=== Section Start ===

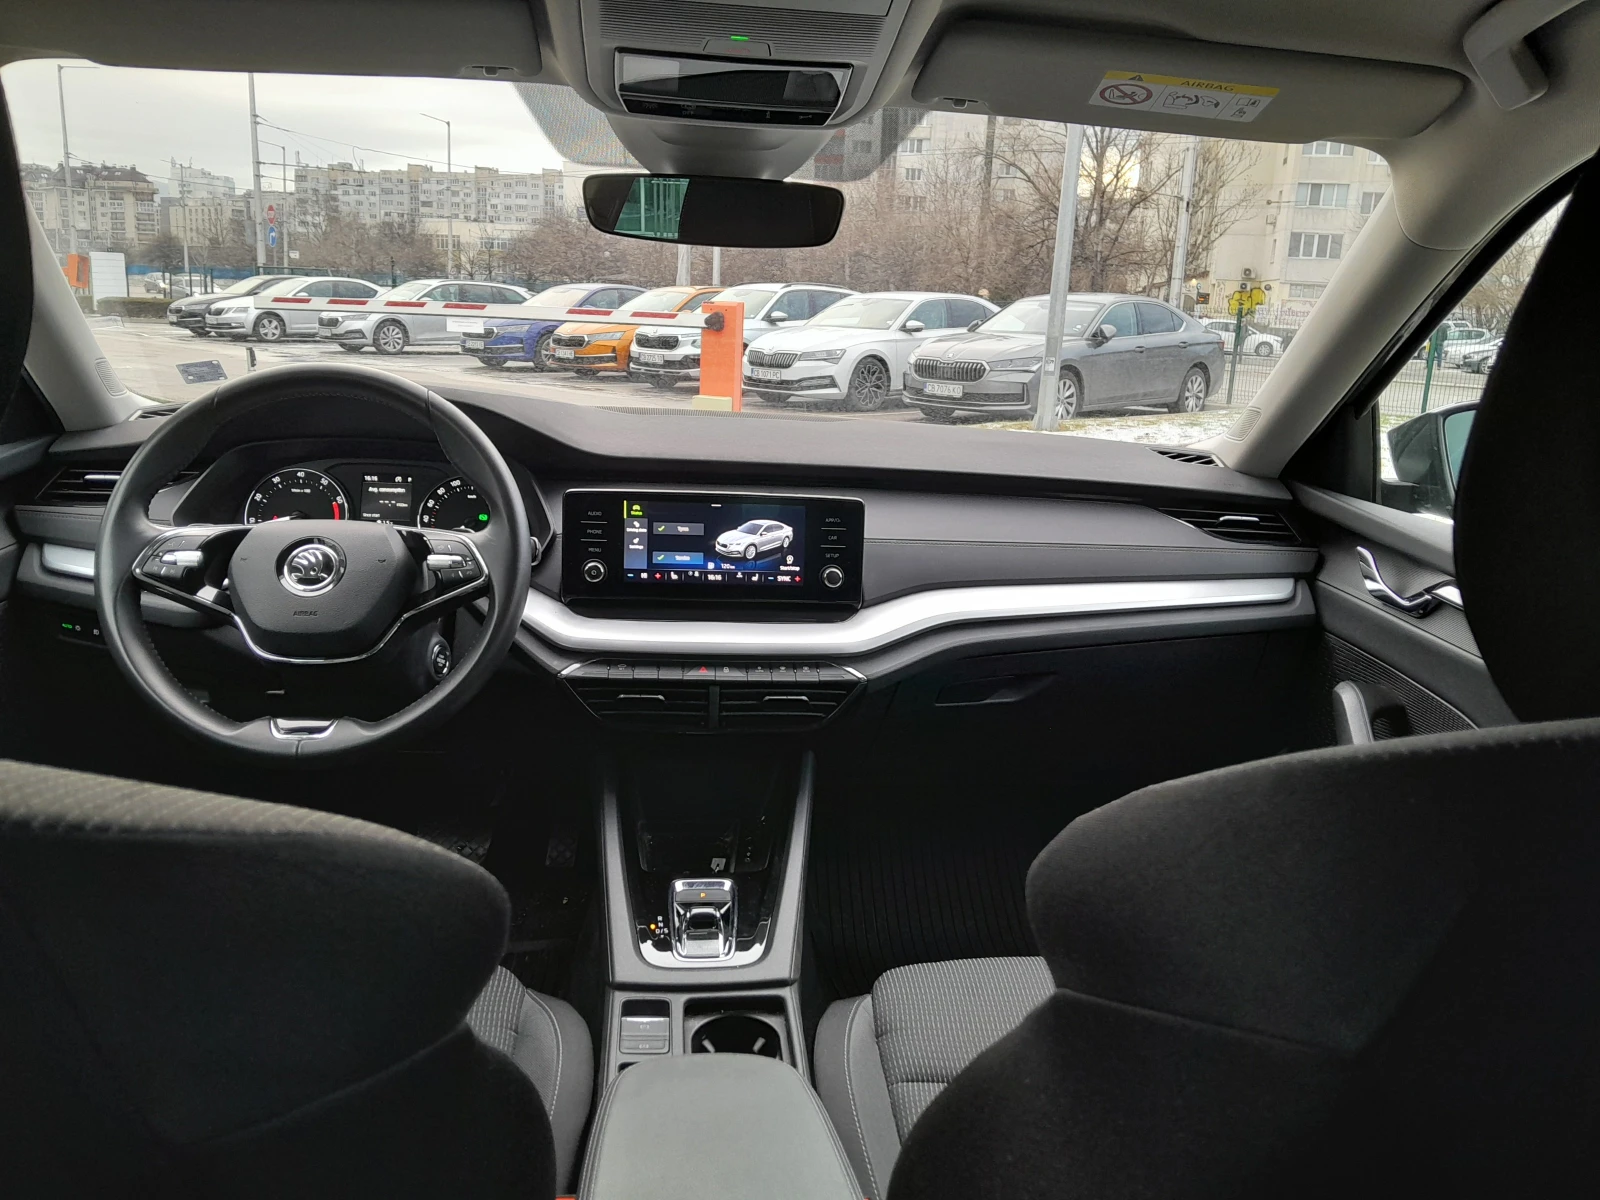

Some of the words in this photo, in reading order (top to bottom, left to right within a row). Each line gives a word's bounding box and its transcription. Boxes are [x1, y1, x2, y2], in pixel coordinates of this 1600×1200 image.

[1180, 80, 1235, 92] AIRBAG
[761, 369, 772, 378] 1071
[936, 384, 951, 394] 7076
[272, 476, 281, 484] 30
[320, 478, 329, 486] 50
[450, 479, 461, 487] 100
[437, 487, 446, 495] 80
[254, 493, 263, 502] 20

=== Section End ===

◆ **Work to complete**: Repeat the listing in full and exactly. Do not include any images.

◆ **Solution for this exercise**:
Some of the words in this photo, in reading order (top to bottom, left to right within a row). Each line gives a word's bounding box and its transcription. Boxes are [x1, y1, x2, y2], in pixel coordinates of this 1600×1200 image.

[1180, 80, 1235, 92] AIRBAG
[761, 369, 772, 378] 1071
[936, 384, 951, 394] 7076
[272, 476, 281, 484] 30
[320, 478, 329, 486] 50
[450, 479, 461, 487] 100
[437, 487, 446, 495] 80
[254, 493, 263, 502] 20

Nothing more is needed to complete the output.